Wherever a picture appears, leave it out, and transcribe the rest of the records exactly.

• [EXERCISE MATERIALS]:
++++

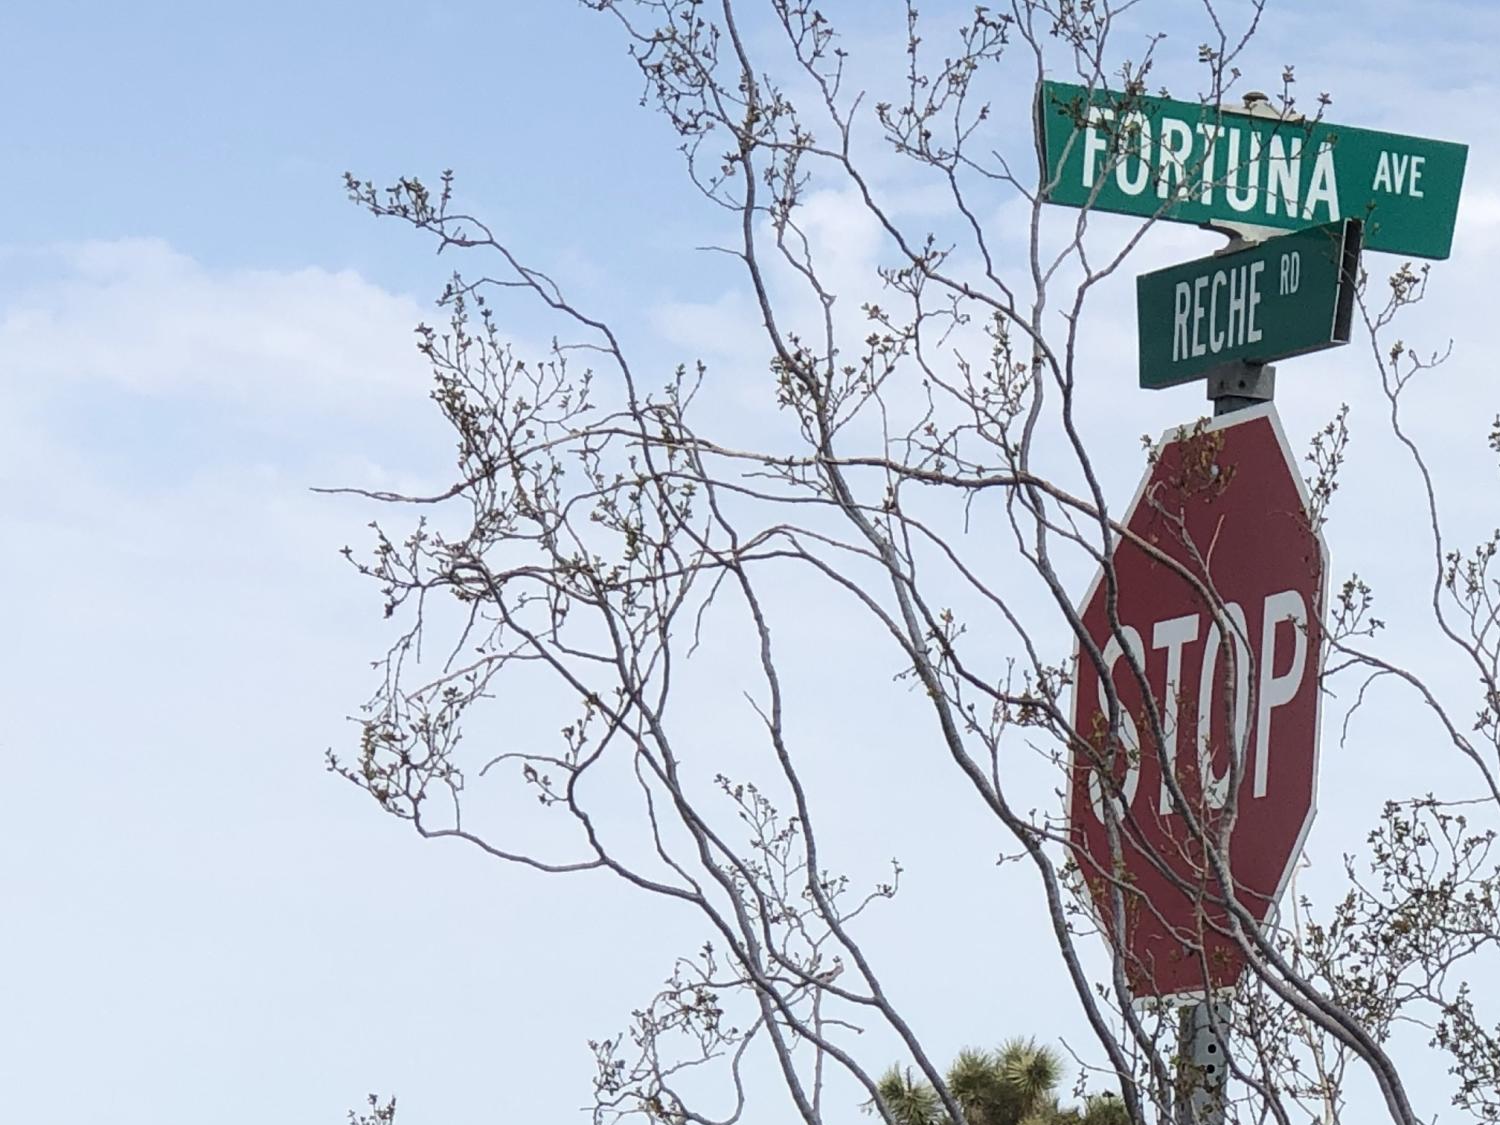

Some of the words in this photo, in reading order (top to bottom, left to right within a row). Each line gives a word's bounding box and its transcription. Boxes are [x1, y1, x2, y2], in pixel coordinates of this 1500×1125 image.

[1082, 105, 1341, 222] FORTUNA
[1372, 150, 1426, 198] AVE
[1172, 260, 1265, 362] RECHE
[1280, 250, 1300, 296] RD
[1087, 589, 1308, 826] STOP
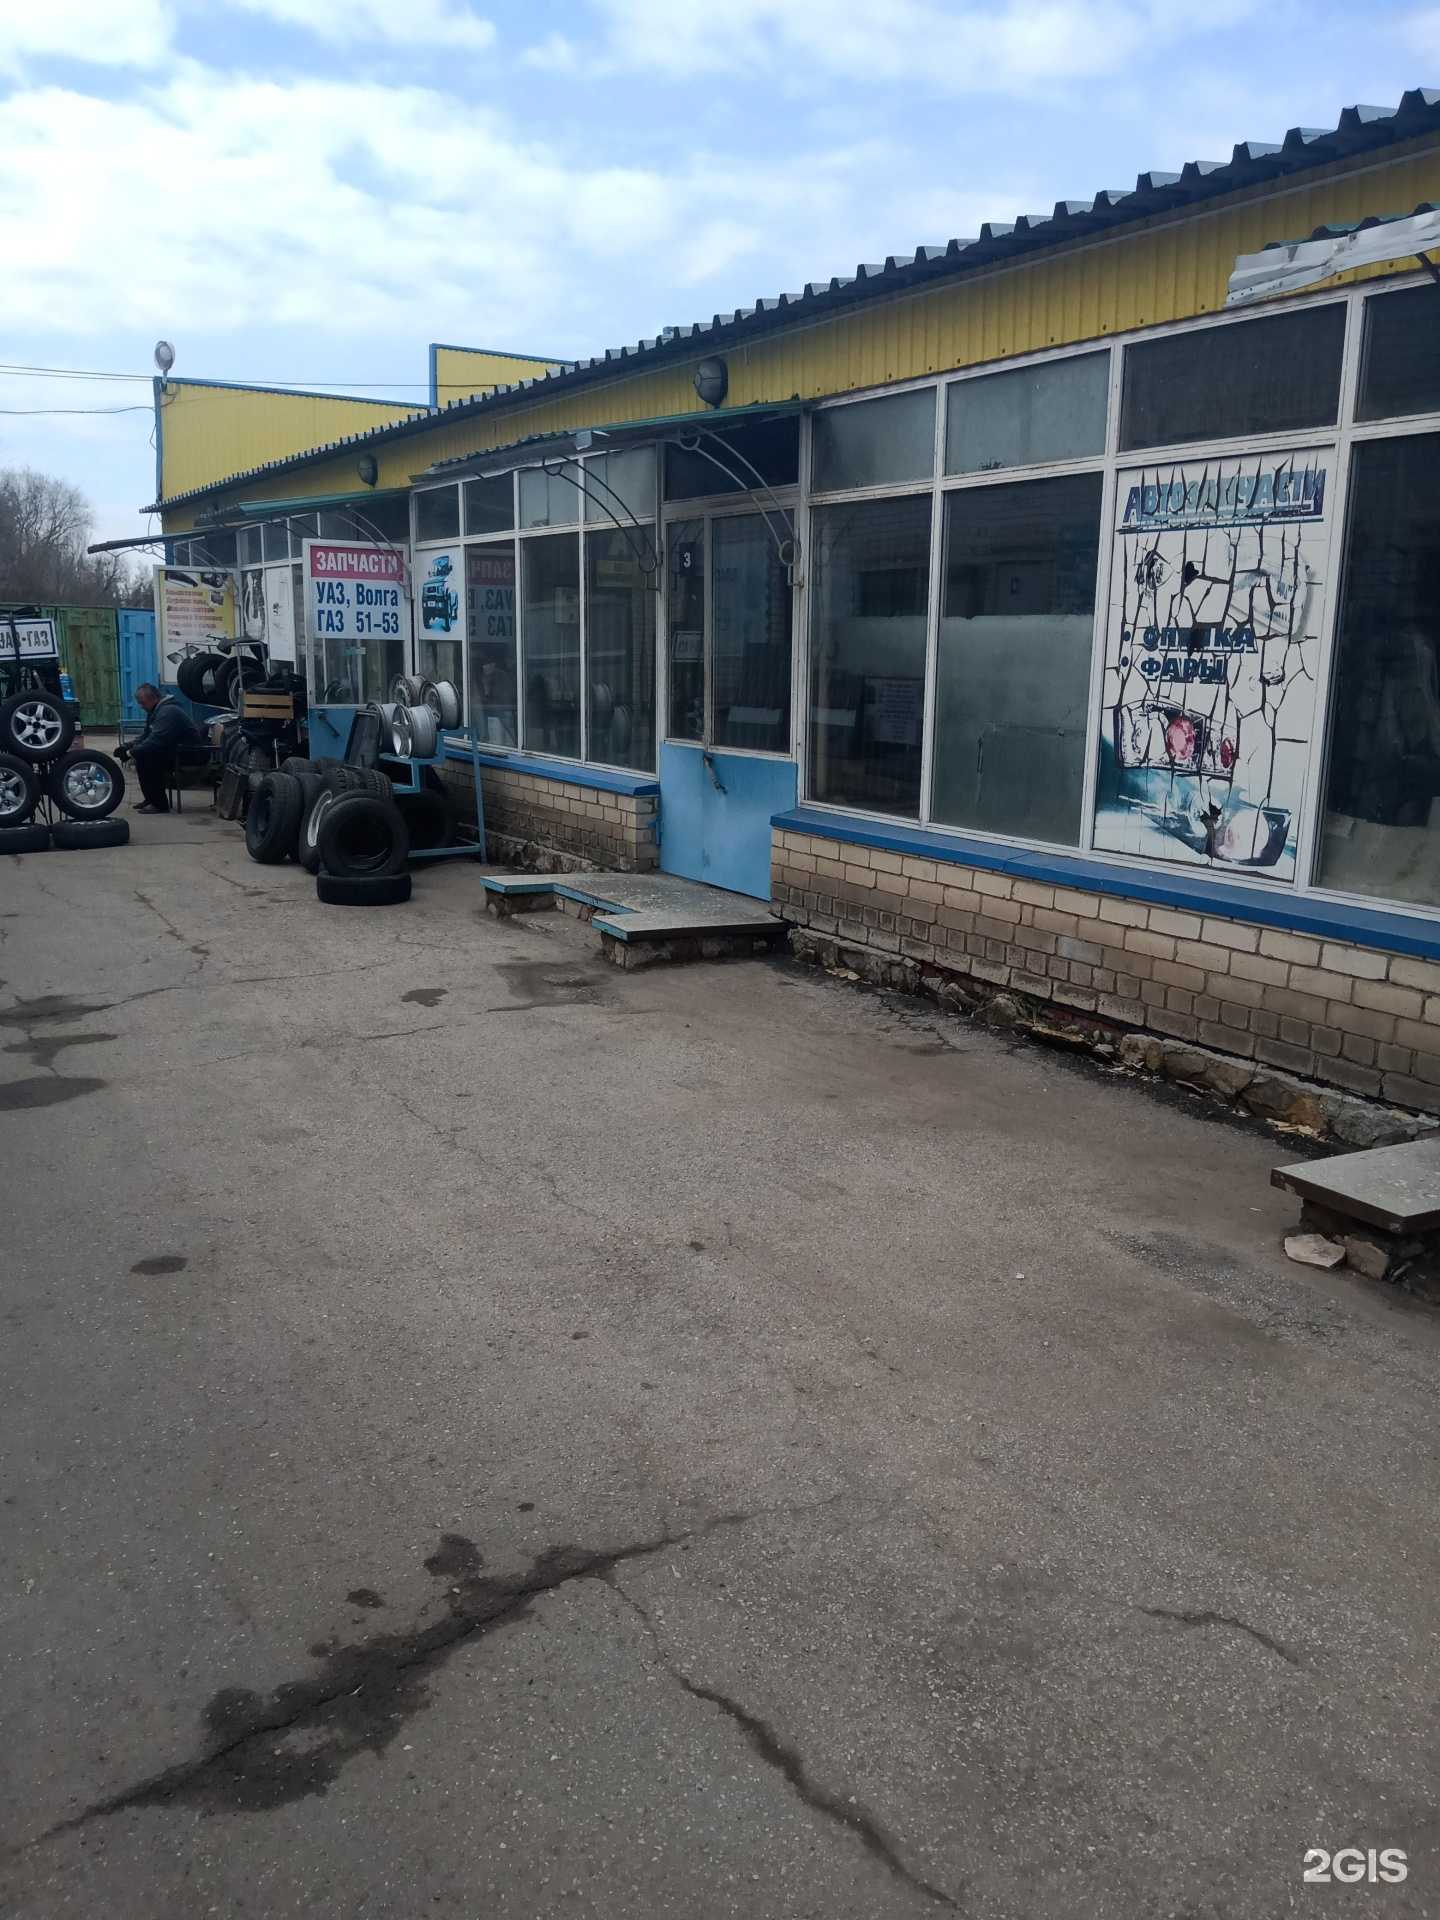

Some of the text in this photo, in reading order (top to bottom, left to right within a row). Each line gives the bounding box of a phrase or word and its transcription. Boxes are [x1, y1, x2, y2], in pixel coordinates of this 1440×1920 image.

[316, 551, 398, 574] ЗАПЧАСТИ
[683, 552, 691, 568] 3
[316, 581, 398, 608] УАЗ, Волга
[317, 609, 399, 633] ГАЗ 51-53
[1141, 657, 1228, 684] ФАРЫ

++++

• [PROBLEM SOLUTION]:
Some of the words in this photo, in reading order (top to bottom, left to right within a row). Each line gives a word's bounding box and its transcription. Boxes are [x1, y1, x2, y2], in pixel coordinates of this 1500×1125 image.

[1082, 105, 1341, 222] FORTUNA
[1372, 150, 1426, 198] AVE
[1172, 260, 1265, 362] RECHE
[1280, 250, 1300, 296] RD
[1087, 589, 1308, 826] STOP

Some of the text in this photo, in reading order (top to bottom, left to right within a row). Each line gives the bounding box of a phrase or word and its transcription. Boxes are [x1, y1, x2, y2], in pixel coordinates of this 1440×1920 image.

[316, 551, 398, 574] ЗАПЧАСТИ
[683, 552, 691, 568] 3
[316, 581, 398, 608] УАЗ, Волга
[317, 609, 399, 633] ГАЗ 51-53
[1141, 657, 1228, 684] ФАРЫ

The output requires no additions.